Quotations [including couple of pre-Simpsonian usages]: <1945 T. KAVANAGH It's That Man Again (B.B.C. radio script: 8th Ser. No. 166-67)> Tom: Yes, out of the nest- Diana: What nest? Tom: In those whiskers- Diana: Dooh! It's no good talking to you ... Diana: The man I marry must be affectionate and call me 'Dear'-Tom: Oh you're going to be a stag's wife-Diana: Doh! Tom: Same thing. <1952 A. BUCKERIDGE Jennings & Darbishire xii. 183> 'Doh!' An anguished gasp of exasperation rang out loud and clear as Mr Wilkins found his voice again. <1989 Beano 11 Feb. 23 (caption)> [Speaker is a man who is knocked against a bus stop.] Doh! <1991 Chicago Tribune (Nexis) 15 Nov. (Friday)> H, 'The movie had one good point: It wasn't the worst movie I've ever seen.' 'It was the worst movie I've ever seen.' 'Doh!' <1993 HP Professional (Nexis) July 28> Along their long path ISO sort of missed local area networks and network management, which gave the market over to TCP/IP and related technologies. As Homer Simpson would say: 'Doh!' <1996 A. FEIN et al. Simpsons Comics strike Back! 14/2> 'Look out, you dern fool! You're gonna cut off your...' 'D'oh!!!' <1998 N. JONES Hollyoaks (Mersey TV transmission script) Episode 256. 44> Cindy: What are we doing here, anyway? Paul: Doh! Use your head, eh?

Sep-24-08
Premium Chessgames Member
  Domdaniel: <catalog of ships> Catalogs are great. So are encyclopedic fictions, cf Moby Dick, which also has its share of aquatic lists. Or Greenaway - The Falls, or Drowning by Numbers, or Vertical Features remake.

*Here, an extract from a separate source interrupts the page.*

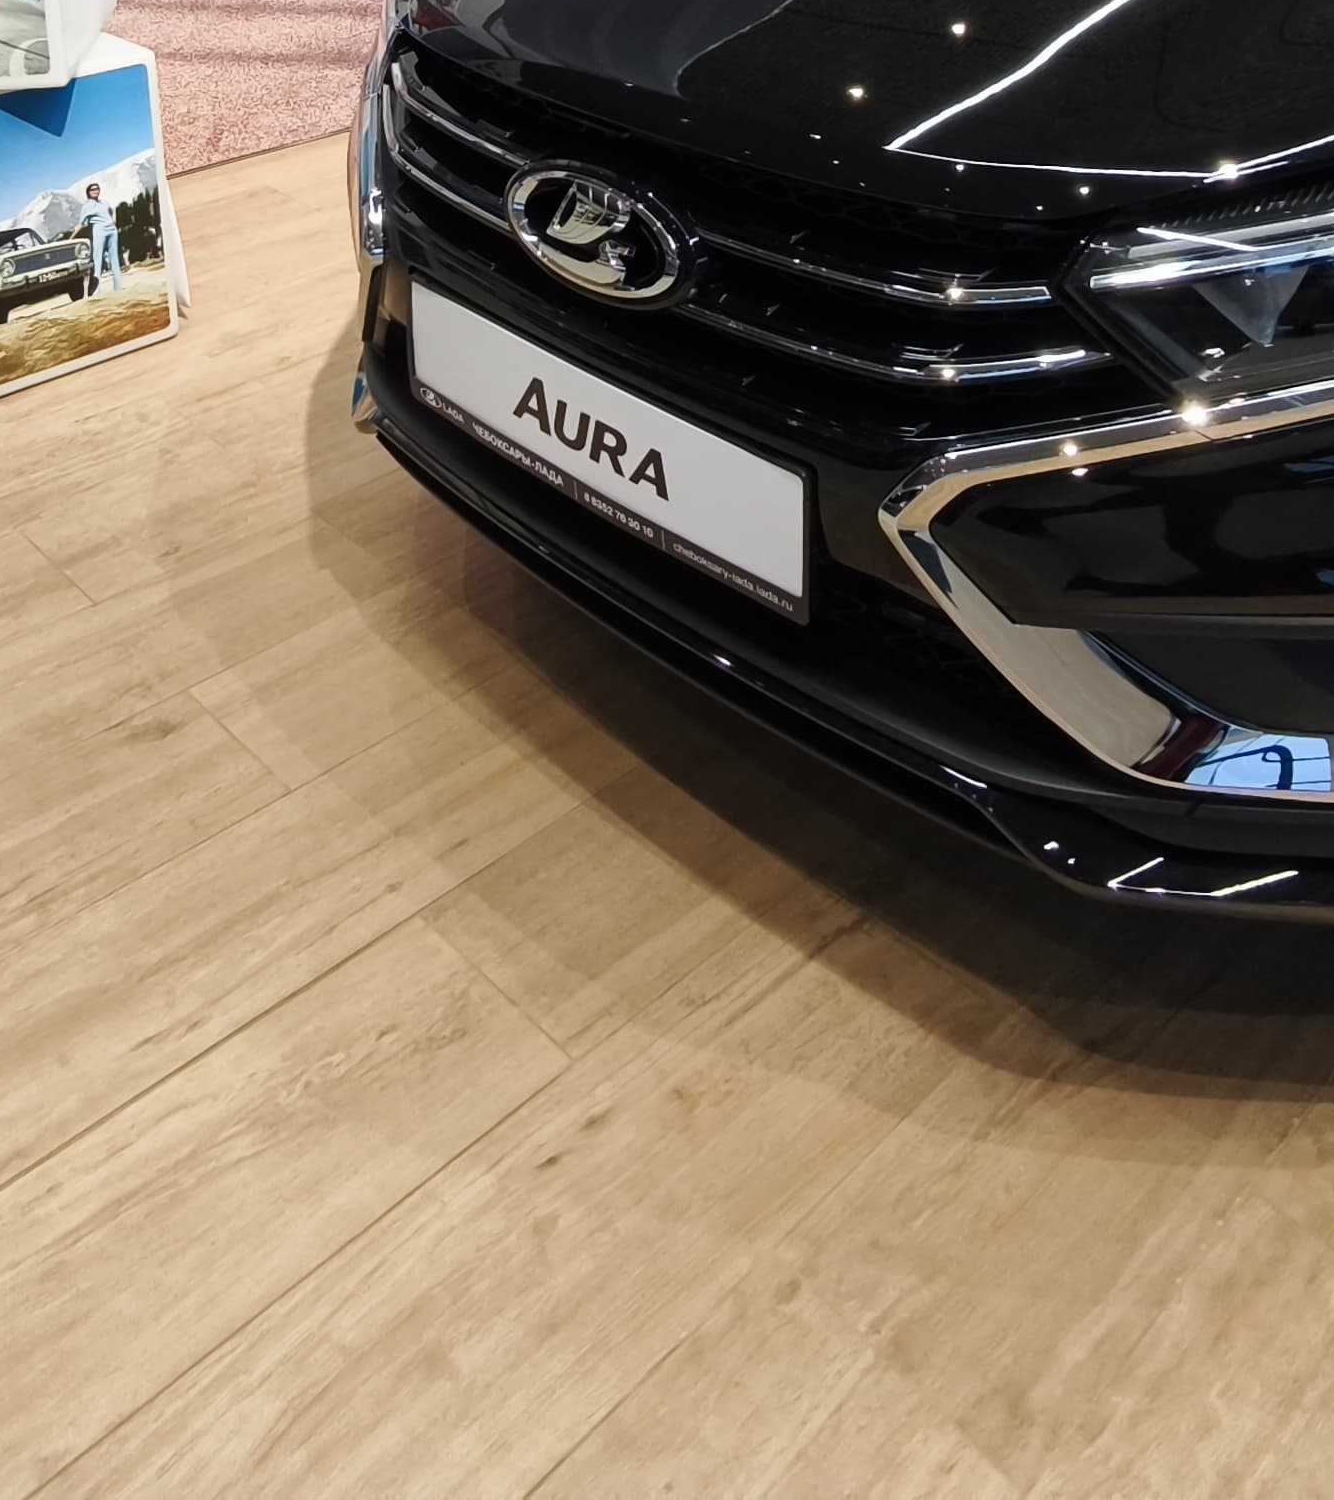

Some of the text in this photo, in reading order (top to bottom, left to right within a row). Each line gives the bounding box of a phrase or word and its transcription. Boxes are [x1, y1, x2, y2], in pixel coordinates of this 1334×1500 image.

Admittedly its more like numismatology than narrative, but us boys like our collections - stamps, harems, things beginning with the letter alpha, and so on.

Sep-24-08
Premium Chessgames Member
  Domdaniel: <tpstar> a *very* interesting topic there - as to whether chess players in general have different attitudes to things like ethics or narrative or cuisine.

On the whole I'm tempted to say not. But the game *does* get into our brains like a drug or a virus, and who knows what kind of neural tampering it gets up to?

Thistledown whispers of rust on synaptic girders. Must think about this.

Sep-24-08
Premium Chessgames Member
  Domdaniel: <Jess> is that the same Eliot who wrote about "Ezra Pound and Bobby Dylan/ Fighting in the Captain's tower"?